Posts Tagged University Hospitals

A Few Things to Get Off My Chest

April 21, 2010… Wait a minute now. I read where “public-private collaborators” have announced that University Hospitals and the Cleveland Clinic are telling vendors that they better locate in the Euclid Avenue Corridor.

I really don’t have an argument against trying to get more medical businesses to locate in the city. But the threats came over as a bit over the top.

And isn’t it a bit hypocritical of Steven Standley, chief administrator of University Hospitals, to tell vendors “You need to move into the city, or we will find somebody who will.” So he told The Plain Dealer. That’s a blunt threat.

It is an especially two-faced threat for a spokesperson from University Hospitals.

UH is building a brand new multi-million dollar hospital. It is not in Cleveland. Not on Euclid Avenue. So Standley isn’t taking his own advice.

Instead, University Hospitals is building a $230-million medical center in Beachwood, at the Chagrin Highlands development.

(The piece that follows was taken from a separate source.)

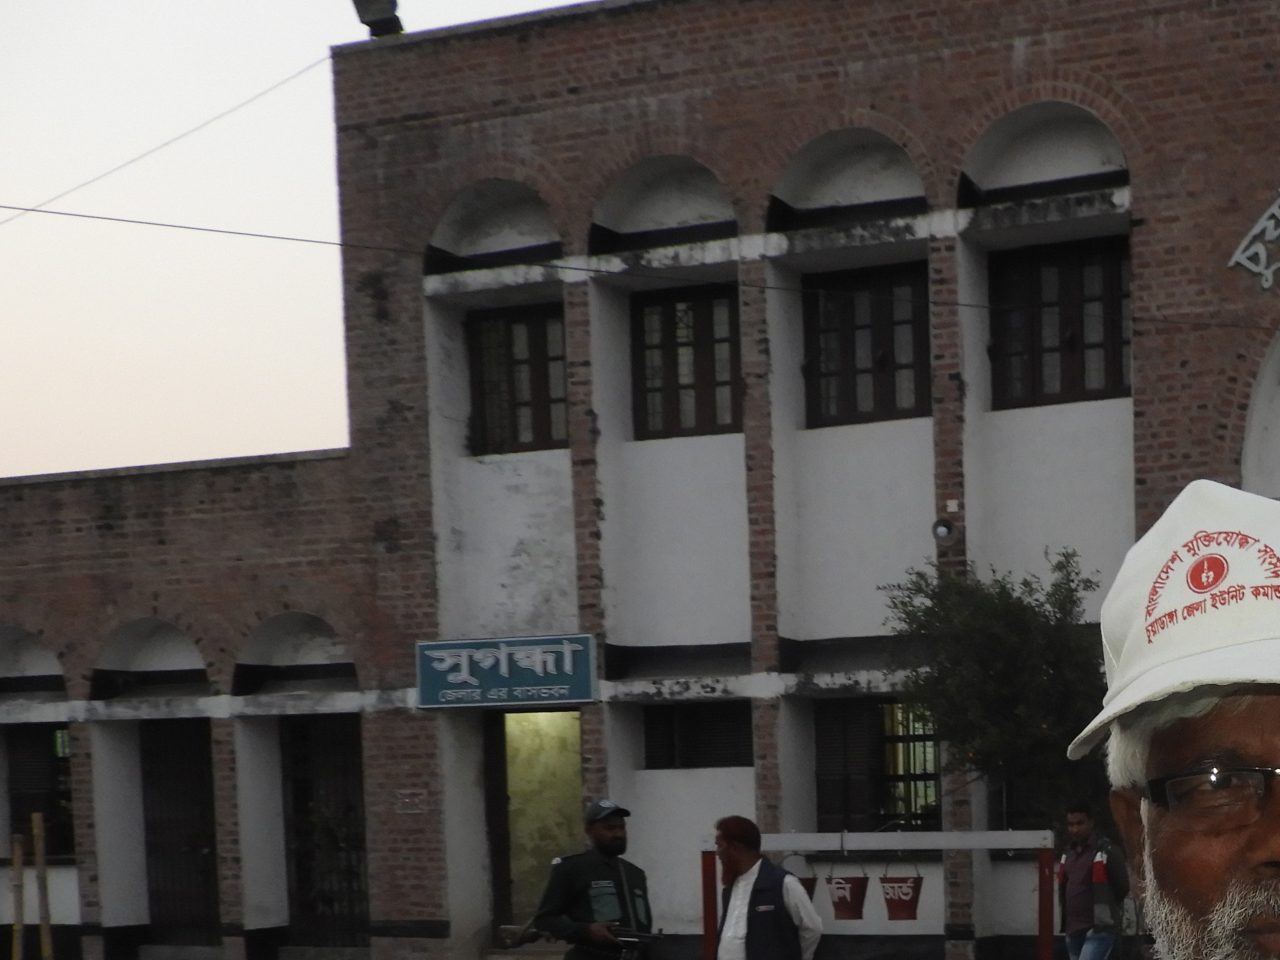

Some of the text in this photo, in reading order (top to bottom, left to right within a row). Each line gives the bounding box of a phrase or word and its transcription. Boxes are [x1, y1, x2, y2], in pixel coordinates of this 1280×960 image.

[1182, 530, 1259, 558] মুক্তিযোদ্ধা
[1181, 598, 1207, 621] জেলা
[1210, 584, 1246, 609] ইউনিট
[424, 640, 585, 686] সুগন্ধা

The 53-acre medical complex is being built on City of Cleveland land handed over to the late Dick Jacobs. It is virgin land that now is housing businesses – and a hospital – that should be in downtown Cleveland.

So much for that regionalism talk too.

We can thank the leadership of former Mayor George Voinovich and Council President George Forbes for this grand robbery of Cleveland. They did it in the dark too.

And UH has the nerve to threaten other businesses to locate in Cleveland “or else.”

By the way, The Plain Dealer – as in almost every single dirty deal as the Chagrin Highlands deal – fully supported it.

Now companies as Eaton Corp. flee downtown Cleveland for these virgin lands, made more enticing by Gov. Voinovich administration’s gift of more than $130 million in I-271 road improvements and a new exchange to serve the Beachwood location.

Do as I say, not as a do, I guess.

Here’s the Chagrin Highlands website:

http://www.chagrinhighlands.com/

EMBARRASSING MISTAKE

Plain Dealer Editor Susan Goldberg quickly on Wednesday corrected an embarrassing mistake from the Tuesday paper’s Health section.

The story was headlined: “Women learn to fight back against attack.”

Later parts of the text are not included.